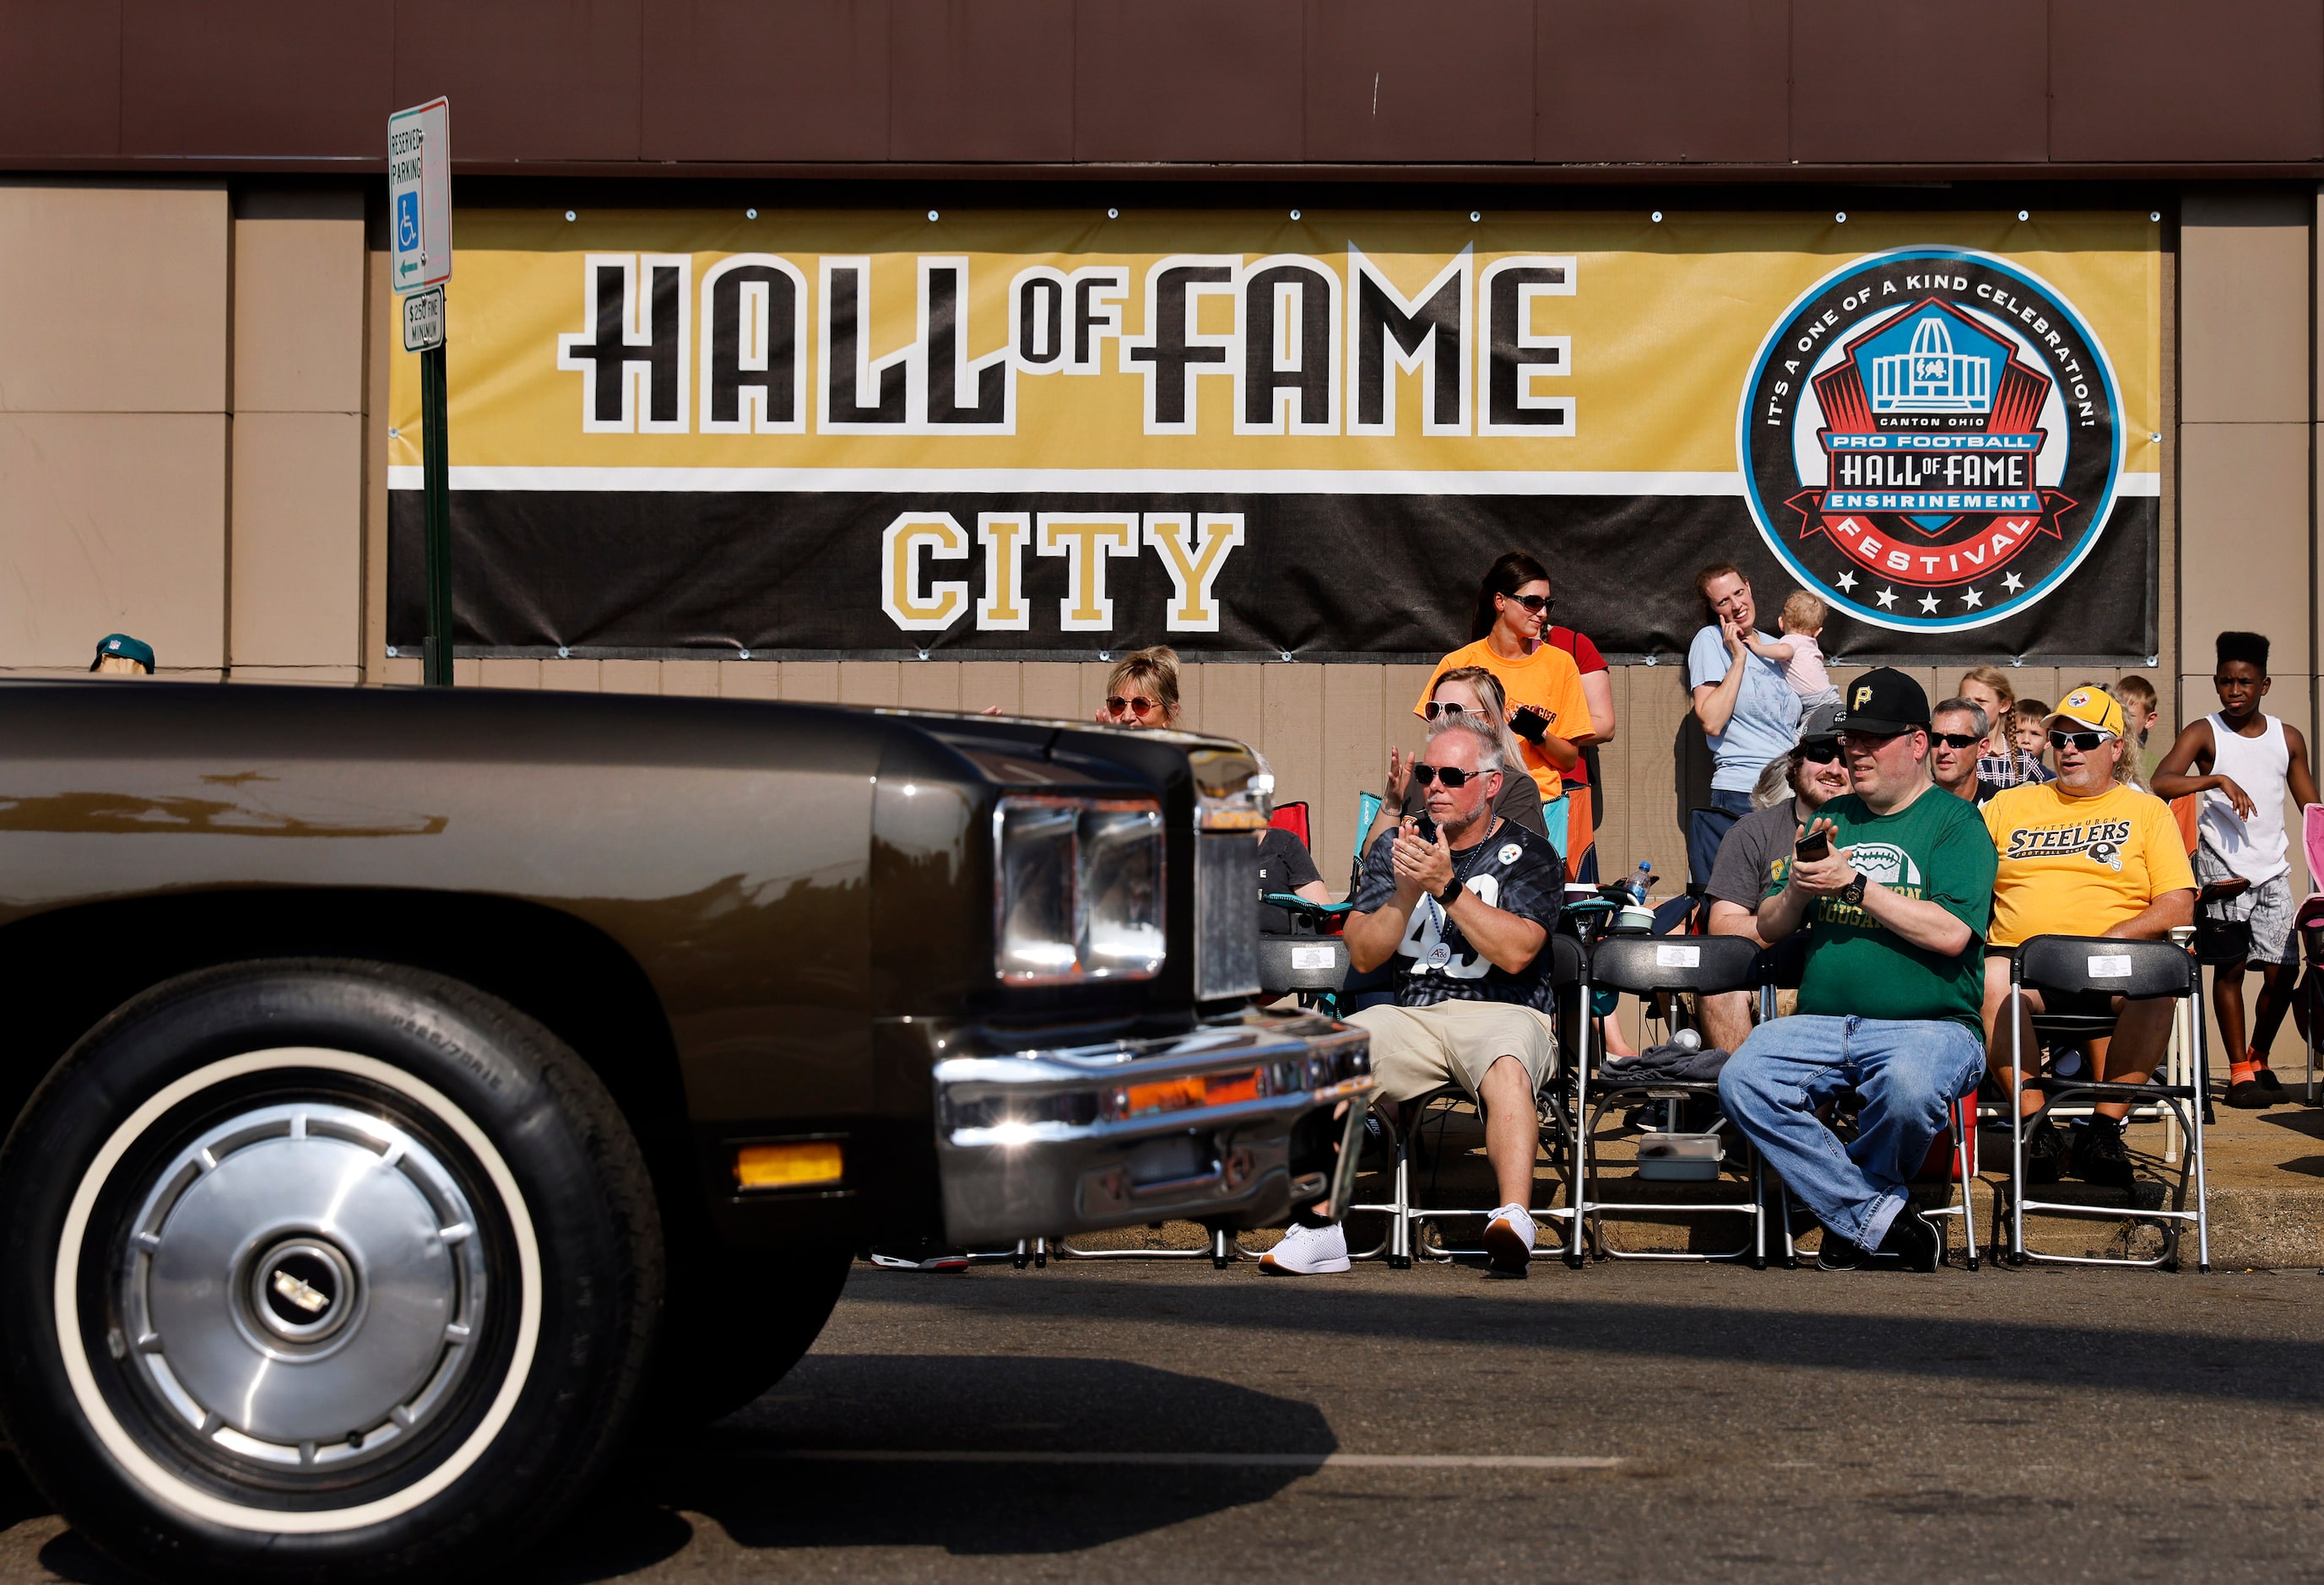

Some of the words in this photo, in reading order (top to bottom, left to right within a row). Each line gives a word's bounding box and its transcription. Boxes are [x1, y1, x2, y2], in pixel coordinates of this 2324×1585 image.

[392, 128, 421, 156] RESERVED
[393, 157, 421, 186] PARKING
[409, 300, 426, 323] $250
[427, 299, 438, 318] FINE
[411, 319, 437, 343] MINIMUM
[557, 252, 1016, 435] HALL
[1013, 264, 1129, 376] OF
[1119, 240, 1577, 437] FAME
[1767, 379, 1790, 426] IT'S
[1784, 359, 1801, 376] A
[1797, 309, 1839, 354] ONE
[1842, 287, 1873, 312] OF
[1882, 279, 1898, 295] A
[1905, 274, 1969, 292] KIND
[1976, 282, 2096, 428] CELEBRATION!
[1880, 417, 1944, 427] CANTON
[1948, 417, 1985, 427] OHIO
[1833, 435, 1888, 448] PRO
[1897, 435, 2031, 448] FOOTBALL
[1839, 454, 1922, 487] HALL
[1921, 457, 1942, 476] OF
[1942, 454, 2023, 487] FAME
[1830, 495, 2031, 508] ENSHRINEMENT
[1836, 517, 2030, 575] FESTIVAL
[881, 510, 1246, 632] CITY
[2007, 820, 2131, 853] STEELERS
[2034, 816, 2118, 831] PITTSBURGH
[2015, 849, 2061, 857] FOOTBALL
[1817, 901, 1884, 929] COUGA

____

> WHAT TO WORK ON
With images omitted, retype the data word for word.

> RESULT
Some of the words in this photo, in reading order (top to bottom, left to right within a row). Each line gives a word's bounding box and its transcription. Boxes are [x1, y1, x2, y2], in pixel coordinates of this 2324×1585 image.

[392, 128, 421, 156] RESERVED
[393, 157, 421, 186] PARKING
[409, 300, 426, 323] $250
[427, 299, 438, 318] FINE
[411, 319, 437, 343] MINIMUM
[557, 252, 1016, 435] HALL
[1013, 264, 1129, 376] OF
[1119, 240, 1577, 437] FAME
[1767, 379, 1790, 426] IT'S
[1784, 359, 1801, 376] A
[1797, 309, 1839, 354] ONE
[1842, 287, 1873, 312] OF
[1882, 279, 1898, 295] A
[1905, 274, 1969, 292] KIND
[1976, 282, 2096, 428] CELEBRATION!
[1880, 417, 1944, 427] CANTON
[1948, 417, 1985, 427] OHIO
[1833, 435, 1888, 448] PRO
[1897, 435, 2031, 448] FOOTBALL
[1839, 454, 1922, 487] HALL
[1921, 457, 1942, 476] OF
[1942, 454, 2023, 487] FAME
[1830, 495, 2031, 508] ENSHRINEMENT
[1836, 517, 2030, 575] FESTIVAL
[881, 510, 1246, 632] CITY
[2007, 820, 2131, 853] STEELERS
[2034, 816, 2118, 831] PITTSBURGH
[2015, 849, 2061, 857] FOOTBALL
[1817, 901, 1884, 929] COUGA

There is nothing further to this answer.